> Data provided

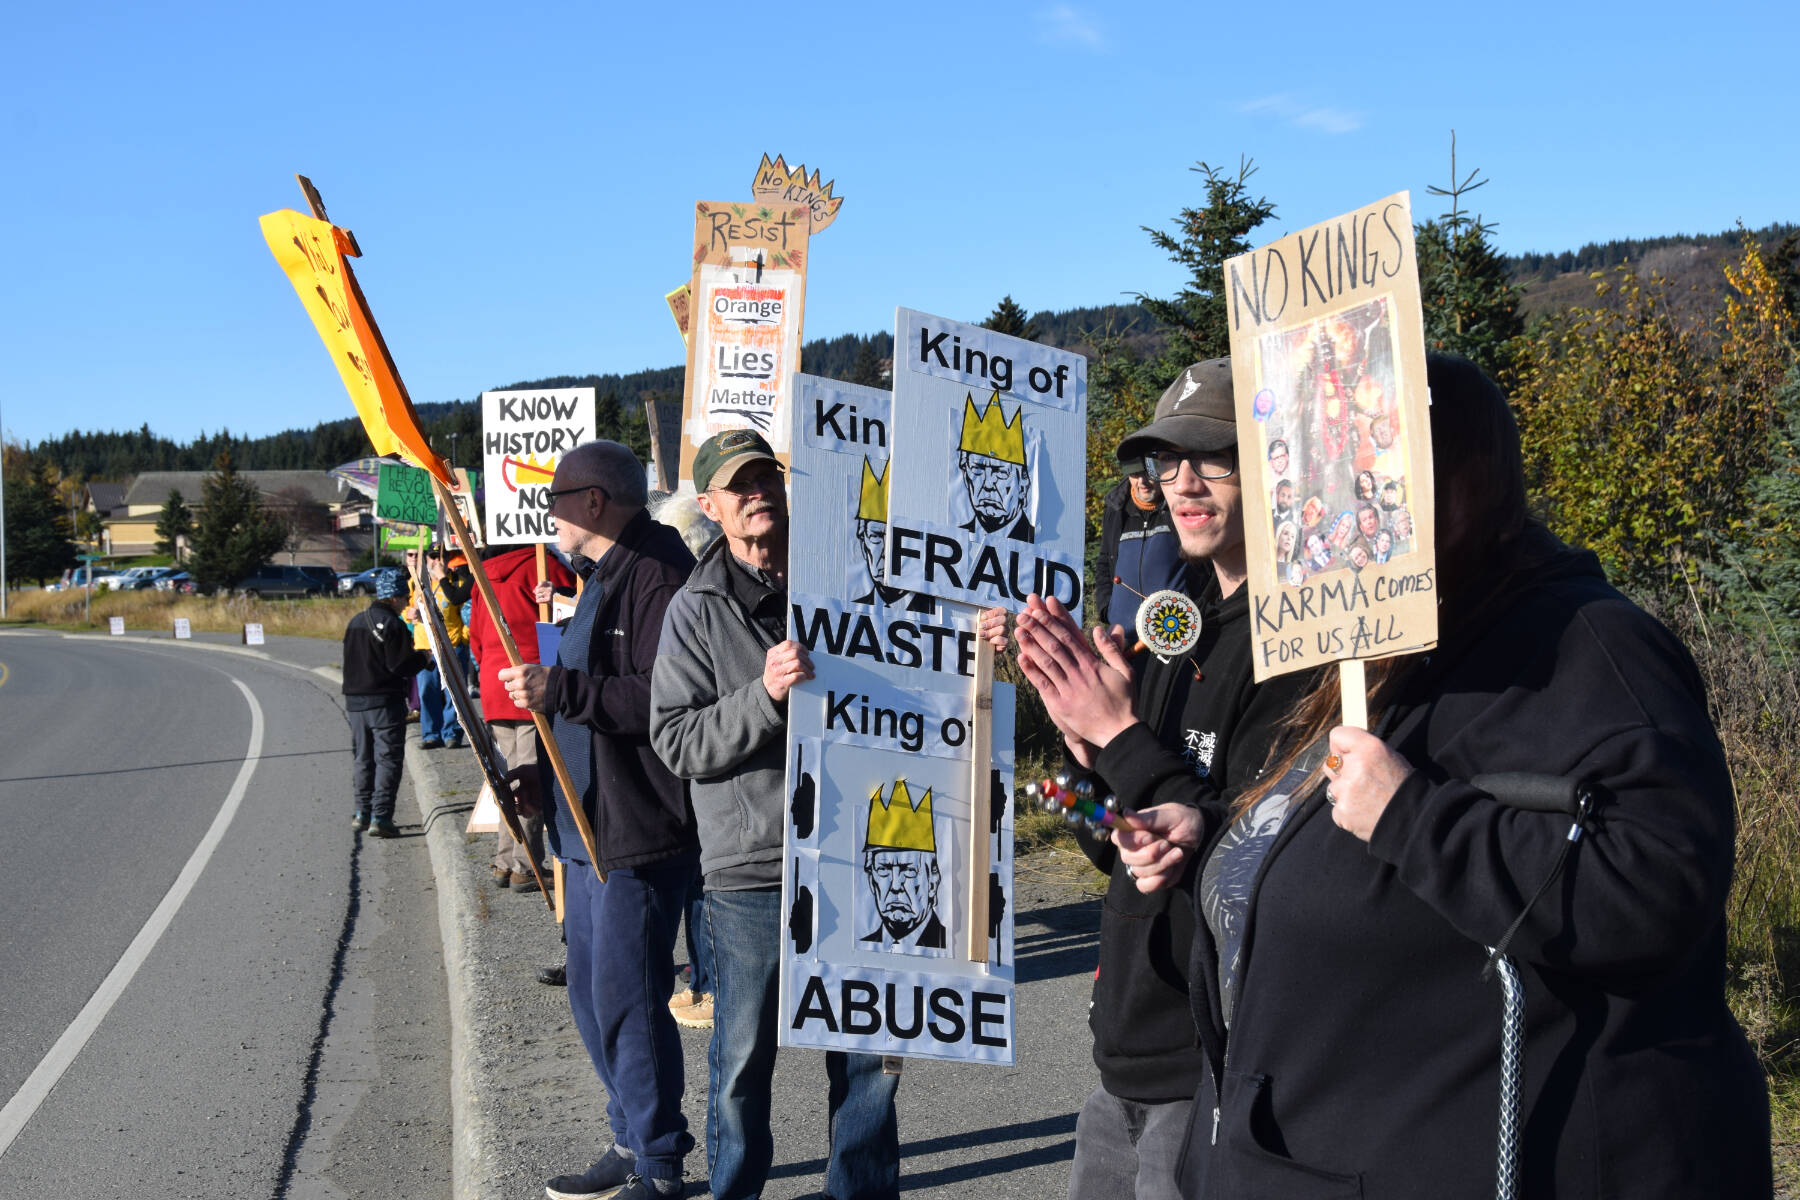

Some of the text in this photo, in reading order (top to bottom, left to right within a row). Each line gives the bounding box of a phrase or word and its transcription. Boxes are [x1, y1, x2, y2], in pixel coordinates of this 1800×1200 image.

[760, 169, 829, 223] NO KINGS
[1230, 203, 1404, 331] NO KINGS
[714, 297, 782, 318] Orange
[718, 345, 775, 373] Lies
[919, 327, 1069, 400] King of
[498, 395, 579, 423] KNOW
[711, 388, 776, 407] Matter
[485, 427, 585, 456] HISTORY
[815, 399, 886, 448] Kin
[388, 478, 433, 495] REVOL
[518, 486, 552, 510] NO
[376, 504, 437, 522] NO KING
[890, 526, 1081, 612] FRAUD
[1255, 573, 1370, 635] KARMA
[1262, 614, 1404, 668] FOR US ALL
[826, 690, 975, 752] King o
[791, 974, 1008, 1048] ABUSE

> Action item
With the pictures omitted, restate every entry above word for word.

> Answer space
Some of the text in this photo, in reading order (top to bottom, left to right within a row). Each line gives the bounding box of a phrase or word and its transcription. Boxes are [x1, y1, x2, y2], in pixel coordinates of this 1800×1200 image.

[760, 169, 829, 223] NO KINGS
[1230, 203, 1404, 331] NO KINGS
[714, 297, 782, 318] Orange
[718, 345, 775, 373] Lies
[919, 327, 1069, 400] King of
[498, 395, 579, 423] KNOW
[711, 388, 776, 407] Matter
[485, 427, 585, 456] HISTORY
[815, 399, 886, 448] Kin
[388, 478, 433, 495] REVOL
[518, 486, 552, 510] NO
[376, 504, 437, 522] NO KING
[890, 526, 1081, 612] FRAUD
[1255, 573, 1370, 635] KARMA
[1262, 614, 1404, 668] FOR US ALL
[826, 690, 975, 752] King o
[791, 974, 1008, 1048] ABUSE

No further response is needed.